Türk-İran İlişkilerinde Gelinen Nokta

Haber

Kasr-ı Şirin anlaşmasından günümüze Türk-İran ilişkileri uzunca bir süre kontrollü bir tansiyon etrafında şekillendi. Her iki coğrafyanın etkili devletleri bir soğuk barış ile çatışmadan kaçınmayı yeğledi....

Bülent Aras

Kasr-ı Şirin anlaşmasından günümüze Türk-İran ilişkileri uzunca bir süre kontrollü bir tansiyon etrafında şekillendi. Her iki coğrafyanın etkili devletleri bir soğuk barış ile çatışmadan kaçınmayı yeğledi.

İran’da 1979 devrimi ile rejim değişikliği ilişkilerin doğasına yansımış, kontrollü tansiyon yerini döngüsel iniş-çıkışlara bırakmıştır. Özellikle 1990’lı yıllarda diplomasi derslerine konu olacak önce kriz, sonra karşılıklı temsilciliklerin geri çekilmesi, sonra kademeli olarak ilişkilerin düzelmesi ve yeniden büyükelçilerin görevlerinin başına geçmesi döngüsü bir çok kez tekrarlandı.

Türk-İran ilişkilerine son yıllarda rejim değişikliği, Orta Asya ve Kafkasya’da çatışan çıkarlar, ABD ve İsrail’le ilişkiler, önce Kuzey Irak sonra Irak’ın tamamının geleceği ile ilgili kaygılar belirledi. Ayrıca Türk şirketlerin İran’da yatırımları ve doğal gaz alımı anlaşmaları etkili unsurlar olarak öne çıkmaya başladı. Her iki ülkenin iç politik ortamı birbirleriyle ilişkilerinde önemli rol oynamakta. Dış politika analizinden önce iç politik ortamlara değinmek açıklayıcı olacaktır.
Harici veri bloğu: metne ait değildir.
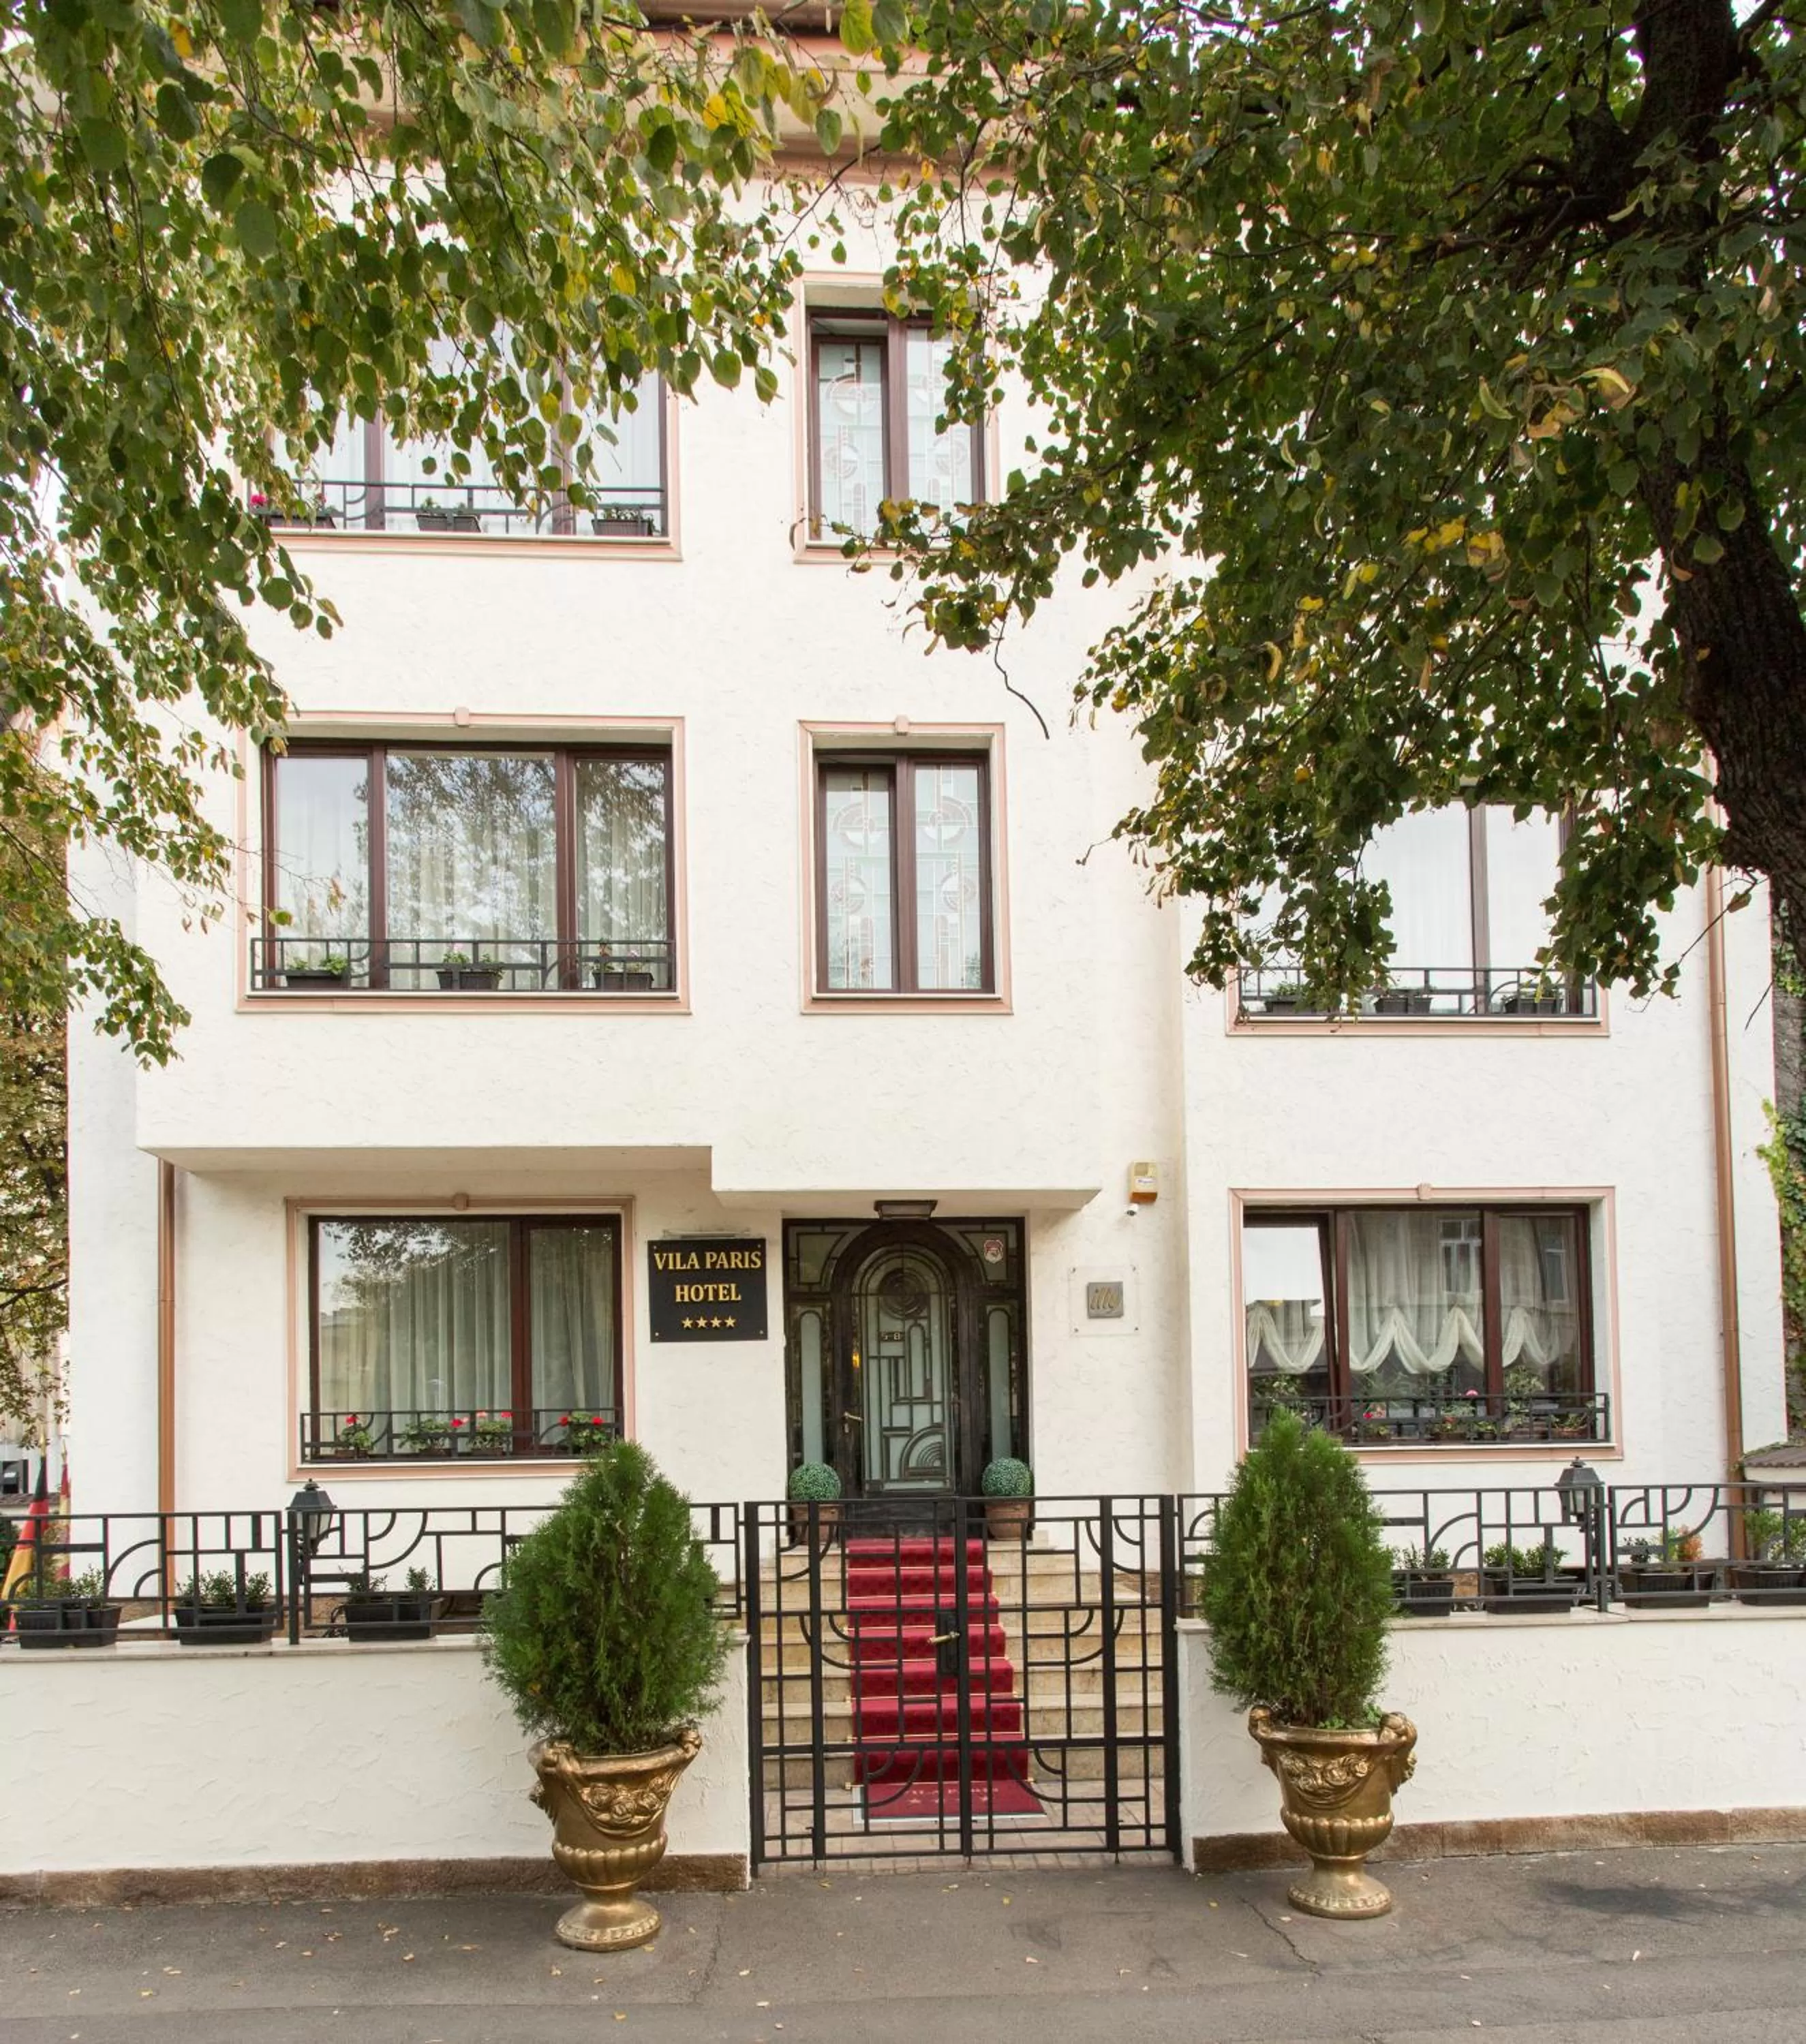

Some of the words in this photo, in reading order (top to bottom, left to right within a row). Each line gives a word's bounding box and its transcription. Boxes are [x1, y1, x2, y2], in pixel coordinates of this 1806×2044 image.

[654, 1252, 700, 1270] VILA
[705, 1251, 761, 1269] PARIS
[675, 1283, 741, 1302] HOTEL
İran’da beklenen Hatemi devrimi sonuca ulaşamadı ve 1990’lı yılların ikinci yarısında ülkede istikrar, bölgede tansiyonu azaltma ve uluslar arası sistemle barış diye özetlenebilecek politika çizgisi ile yakalanan ivme geride kaldı. Türkiye’de ise iç politik ortamın güvenlik paradigmalarından kurtuluşu ve AB sürecinde güvenlik ve demokrasinin barıştırılması, ekonomik istikrarın sağlanmaya başlanması ve bölgede yapıcı bir politika ile ortaya çıkılması aynı döneme rastlar. Net bir ifade ile İran’ın Türkiye’ye rejim ihracı yada herhangi bir siyasal İslam projesi üzerinden Türkiye’ye model olabilme imkanı üzerinde artık spekülasyon bile yapmak mümkün değil. İran’ın en yetkili ağızlarından ifade edildiği gibi Ortadoğu kaos sisteminden kaçışın tek örneğini gösteren Avrupalı Türkiye, İran için bir modeldir.
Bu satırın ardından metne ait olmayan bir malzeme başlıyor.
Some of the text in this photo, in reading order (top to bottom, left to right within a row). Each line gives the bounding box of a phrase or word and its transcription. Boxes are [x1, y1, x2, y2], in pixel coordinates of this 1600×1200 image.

İran’daki muhafazakar-reformist çekişmesi 11 Eylül sonrası ortamda çelişkili olarak muhafazakarların üstünlüğü ele geçirmesine yol açtı. ABD’nin bölge politikaları İran’da güvenlik endişelerini artırmakla kalmadı, aynı zamanda reform sürecini erteledi. ABD-İran gerilimi, İran’ın kendi bölgesindeki ülkelerle ve Türkiye ile ilişkilerinde önemli bir belirleyici. İran, son döneme kadar ABD ile ilişkileri kötü ama buna karşılık uluslar arası toplumun geri kalanı ve özellikle Avrupa Birliği ülkeleri ve Birleşmiş Milletler gibi uluslararası organizasyonlar ile iyi ilişkiler yürüten bir devlet imajına sahipti. Ancak özellikle Uluslar arası Atom Enerjisi Kurumu ile zenginleştirilmiş uranyum ve nükleer enerji programı ile ilgili sürtüşme bu imaja zarar vermekte. AB ülkeleri ve BM ciddi rezervasyonlarını açıkça ortaya koymakta.
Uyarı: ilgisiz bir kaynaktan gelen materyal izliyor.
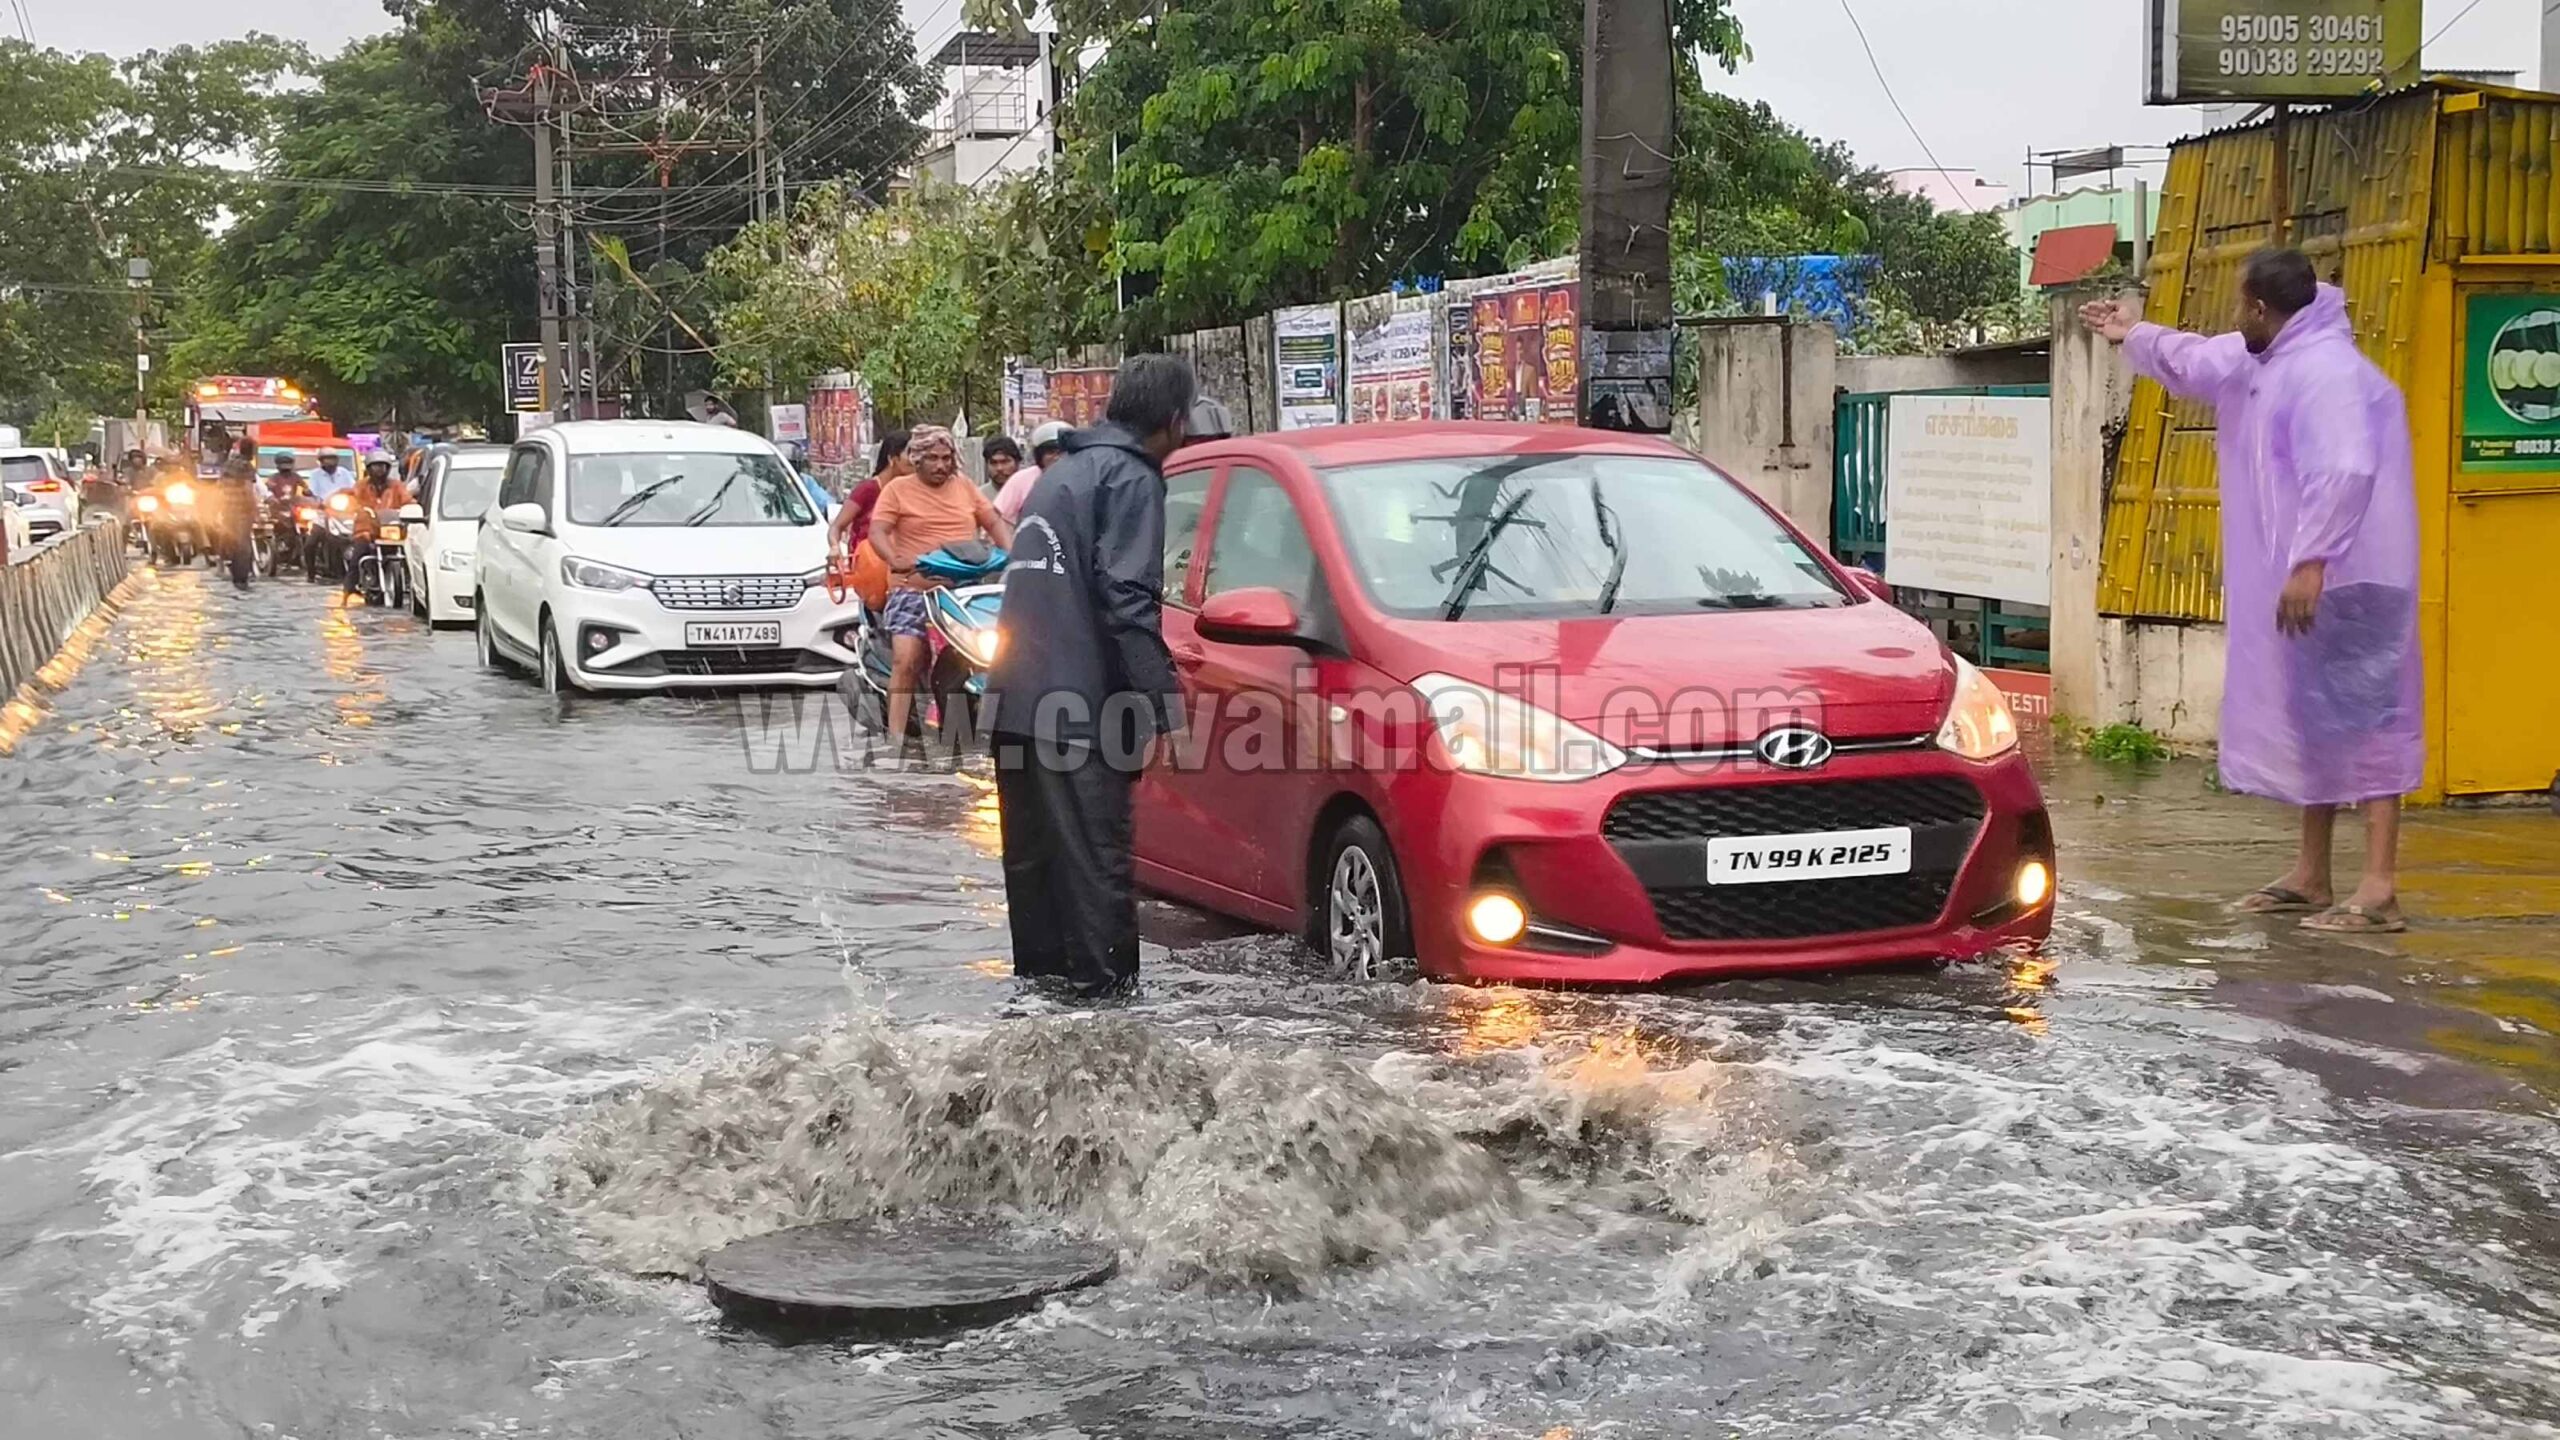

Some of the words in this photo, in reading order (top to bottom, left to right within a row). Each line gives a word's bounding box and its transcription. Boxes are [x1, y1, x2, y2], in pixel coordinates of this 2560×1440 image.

[2220, 15, 2300, 43] 95005
[2308, 14, 2384, 42] 30461
[2218, 47, 2299, 75] 90038
[2306, 47, 2384, 75] 29292
[2515, 439, 2551, 454] 90038
[696, 627, 778, 641] TN41AY7489
[1729, 851, 1763, 870] TN
[1767, 848, 1802, 868] 99
[1807, 847, 1825, 866] K
[1830, 843, 1892, 865] 2125
Tam bu noktada İsrail ile ilişkiler gündeme gelmekte. İsrail, Tahran yönetiminin nükleer enerji üretimi bahanesi altında nükleer silah üretmeye çalıştığı konusunda neredeyse hiç şüphesi yok. ABD ve İsrail’in şüphelerin artmasıyla, İran’a bir askeri müdahalede bulunma ihtimali Washington dış politika cemaati arasında son dönemde çok fazla telaffuz edilir oldu. Her ne kadar belirgin bir politika ortaya konmuş olmamasına karşılık ABD-İsrail-nükleer silah üretimi üçgeninde gelişen ilişkiler Ankara’yı geçmişe göre daha fazla tedirgin etmekte. Türkiye’nin konvansiyonel silah üstünlüğünün verdiği rahatlık, İran’ın uluslar arası topluma bazen kulaklarını kapatması ile Ankara’yı artık tatmin etmez hale gelebilir.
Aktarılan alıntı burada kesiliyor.